Many snowboard fans had dubbed Morgan the only rider capable of this feat, and so it proved true.

“We just came across from Austria for one day to hit this jump,” he said, after touching down in London. “It’s a normal progression going from singles, doubles and triples.

“So my coach got everything in place and we then we’ve got to get conditions bang-on.

“There are so many factors you have to work around, but we had everything in place, the weather was perfect.

“There had been rumours other people had tried it in the last few days but, no videos had appeared so guess no one has done it.

“It was the end of the season and just before I go into an ACL operation on Monday.

“It’s amazing to achieve something like this, but I admit it hasn’t fully sunken in yet.”

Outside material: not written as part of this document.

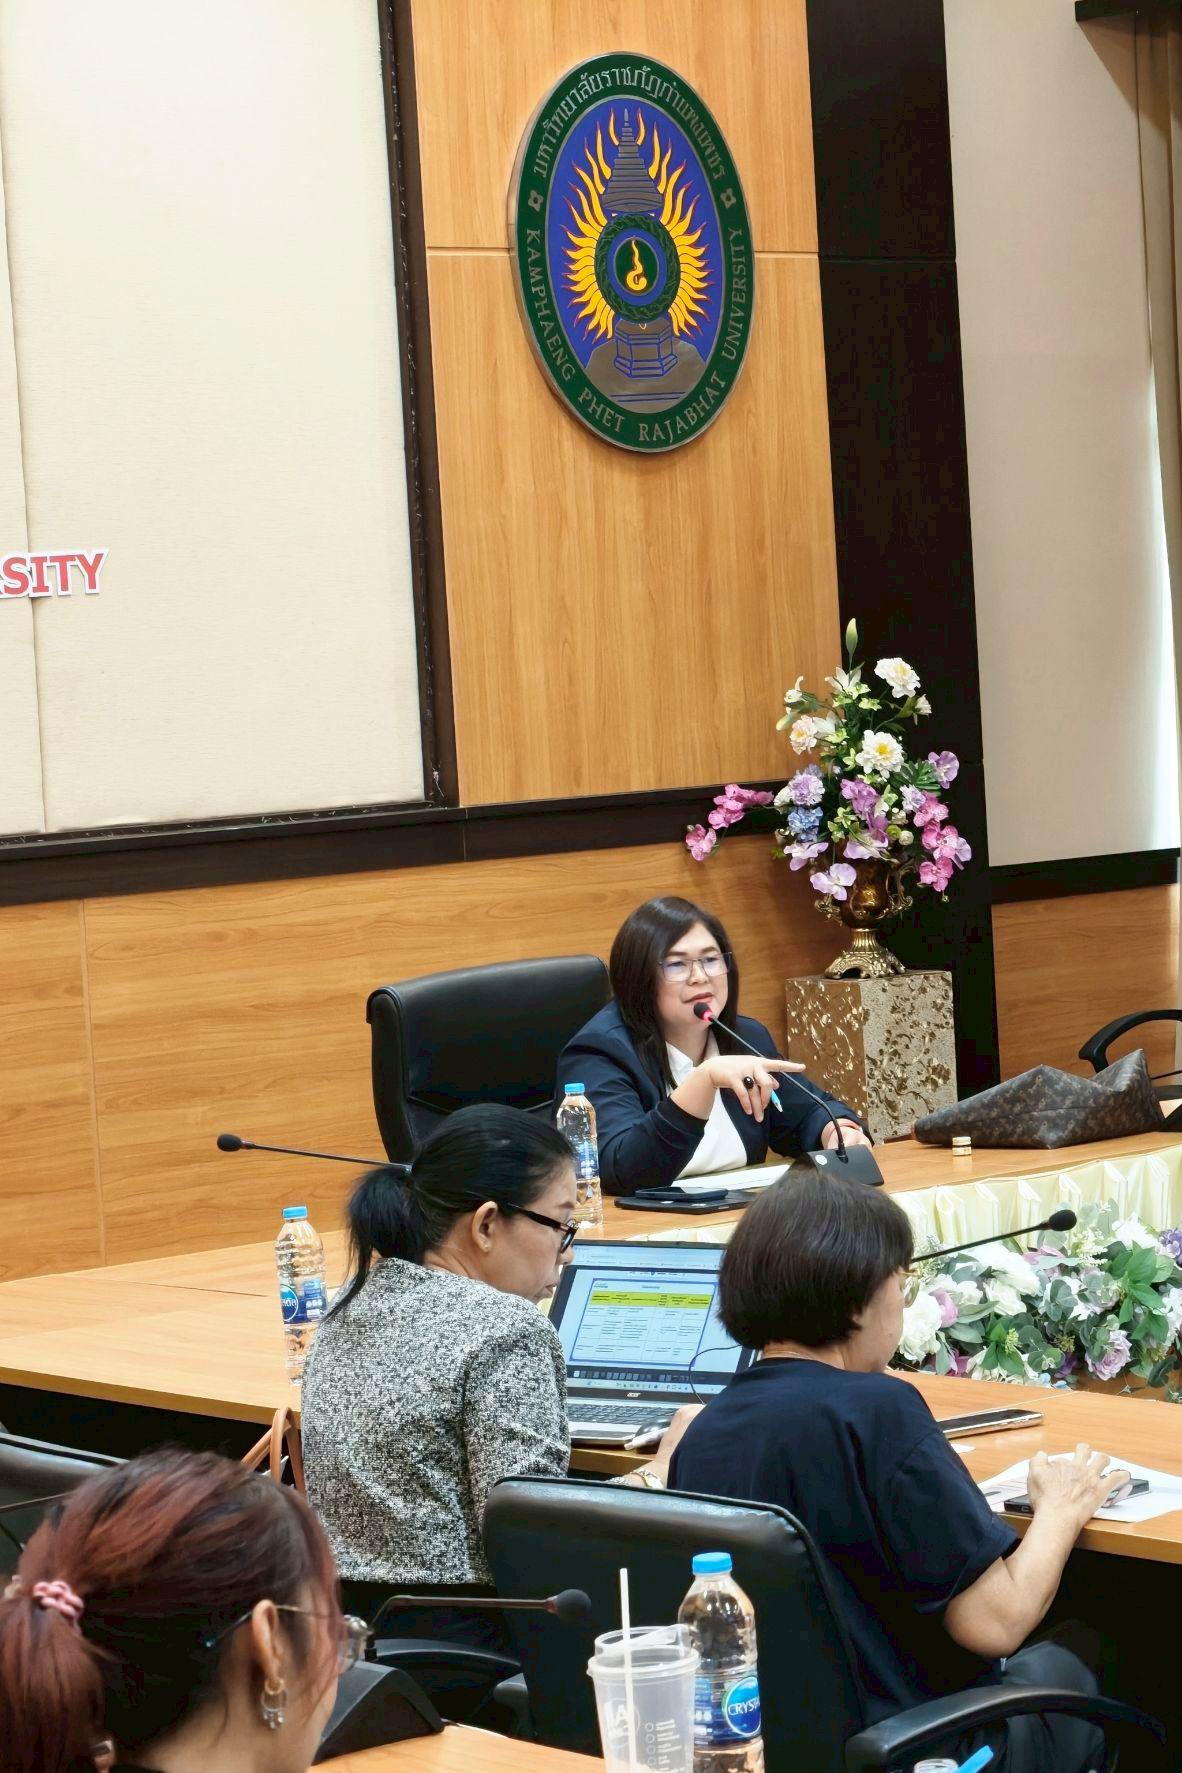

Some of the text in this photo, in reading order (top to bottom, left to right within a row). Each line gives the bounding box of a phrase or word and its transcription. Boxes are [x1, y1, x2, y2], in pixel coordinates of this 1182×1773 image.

[526, 227, 747, 444] KAMPHAENG PHET RAJABHAT UNIVERSITY
[0, 552, 105, 596] SITY

Morgan confesses that he remembers little of the actual air-time that saw him flip four times, while his body made five complete rotations on a sideways or downward-facing axis.

And even though he’d achieved that he still wasn’t fully satisfied as the manoeuvre, which saw him better the previous biggest trick – a triple cork 1620 landed by Yuki Kadano at March's US Open Slopestyle – saw him put his hand down to steady the landing.

“I can’t remember anything until the landing,” he said. “There are so many thought processes that you’re going that you have no time to process what you’re going through.

“It was my first go at it.

“So stoked,” he added. “I’ve been thinking about this for so long, it’s such a relief to have it done. It could be cleaner, but I’m still pumped.”Although Billy was barely in the air for three seconds, it took around 40 to 50 hours for the Red Bull team, who sponsors him, to prepare the jump.

Billy’s admits that progression from this could be in a “less risky, more technical” jump, but is now focussing on getting through his ACL operation and recovering ahead of the new winter campaign.